### Data to process:
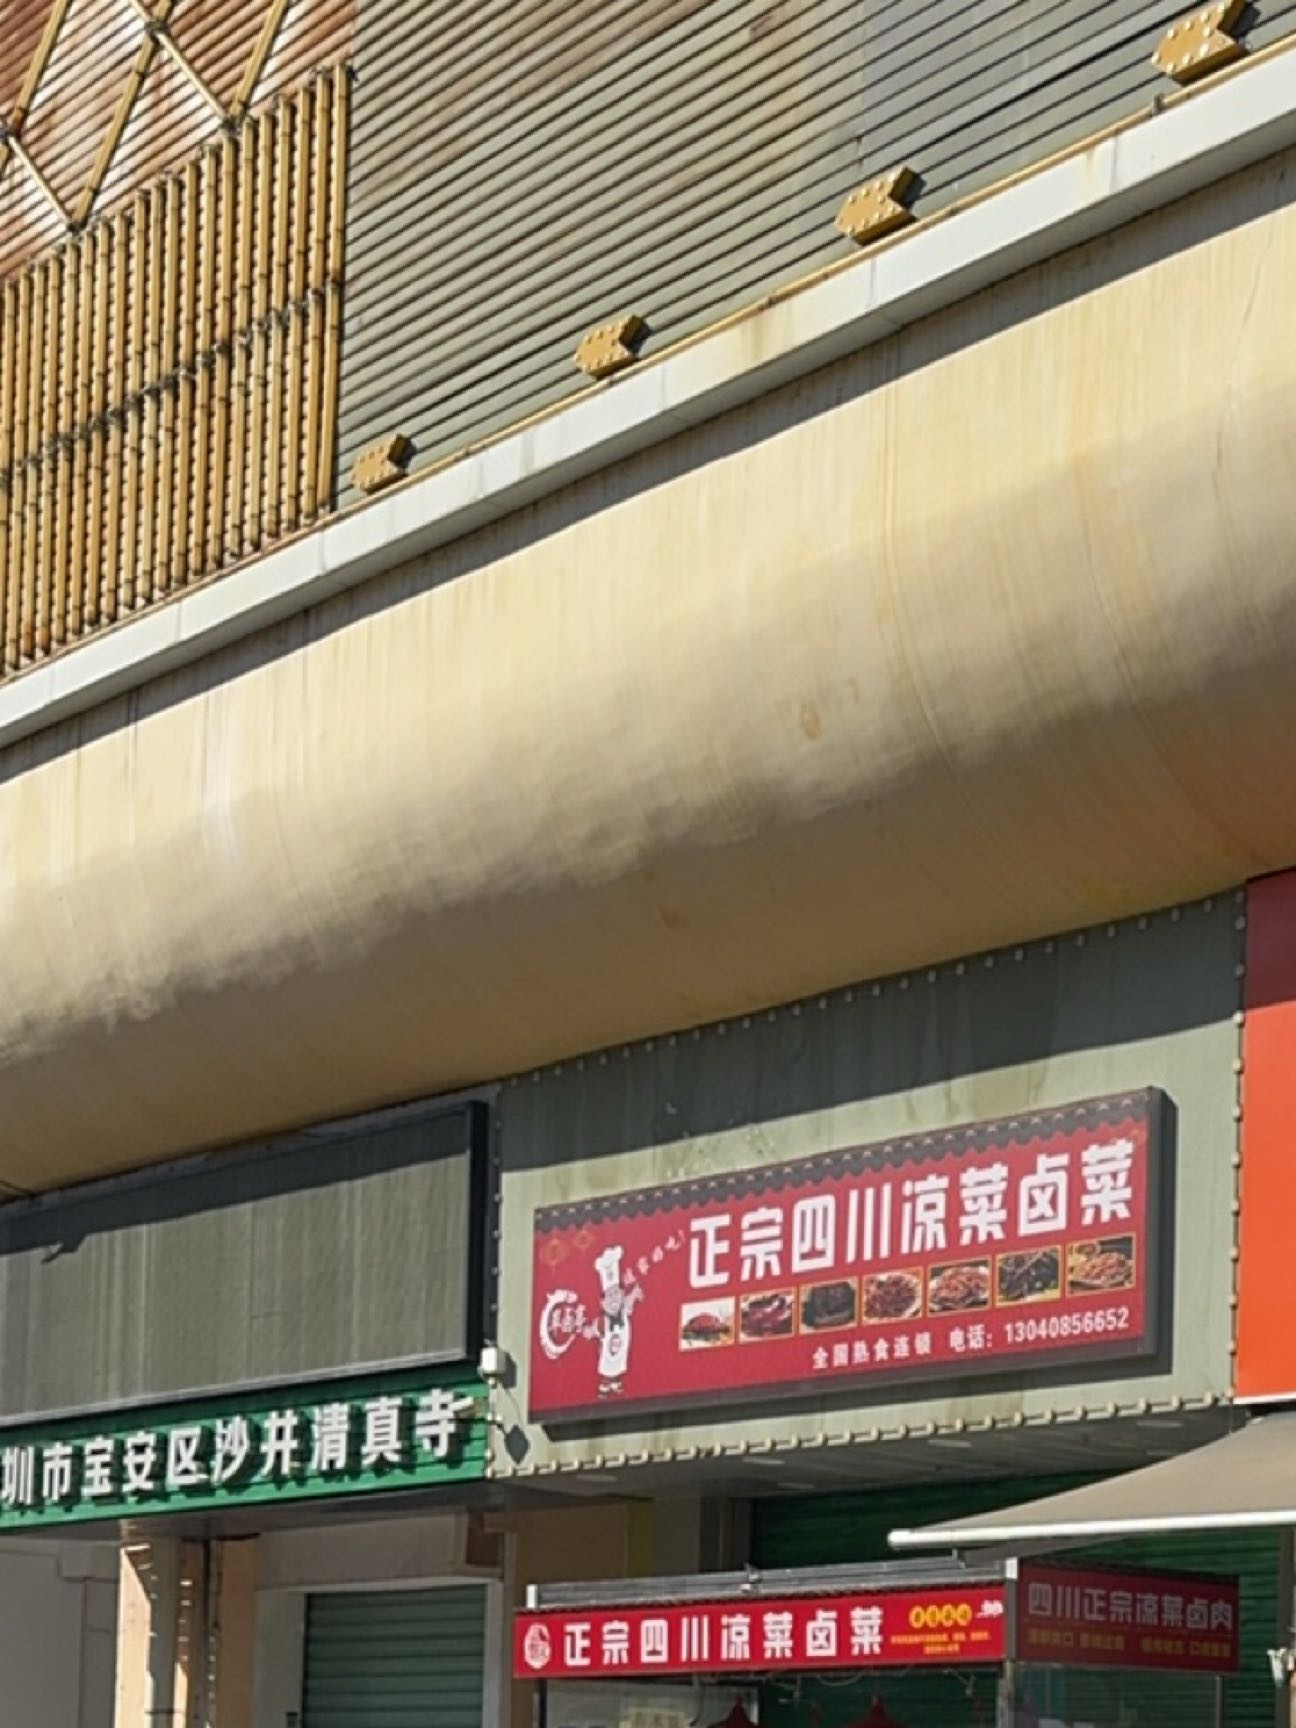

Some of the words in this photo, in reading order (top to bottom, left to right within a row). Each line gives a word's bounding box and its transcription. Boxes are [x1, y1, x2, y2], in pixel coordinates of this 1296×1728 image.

[688, 1137, 1135, 1289] 正宗四川凉菜卤菜
[812, 1331, 932, 1369] 全国熟食连锁
[0, 1388, 474, 1506] 圳市宝安区沙井清真寺
[563, 1605, 883, 1667] 正宗四川凉菜卤菜
[1028, 1582, 1234, 1631] 四川正宗凉菜卤肉

### How to complete this task:
What I need is every record written out exactly, minus the pictures.

### Result of this exercise:
Some of the words in this photo, in reading order (top to bottom, left to right within a row). Each line gives a word's bounding box and its transcription. Boxes are [x1, y1, x2, y2], in pixel coordinates of this 1296×1728 image.

[688, 1137, 1135, 1289] 正宗四川凉菜卤菜
[812, 1331, 932, 1369] 全国熟食连锁
[0, 1388, 474, 1506] 圳市宝安区沙井清真寺
[563, 1605, 883, 1667] 正宗四川凉菜卤菜
[1028, 1582, 1234, 1631] 四川正宗凉菜卤肉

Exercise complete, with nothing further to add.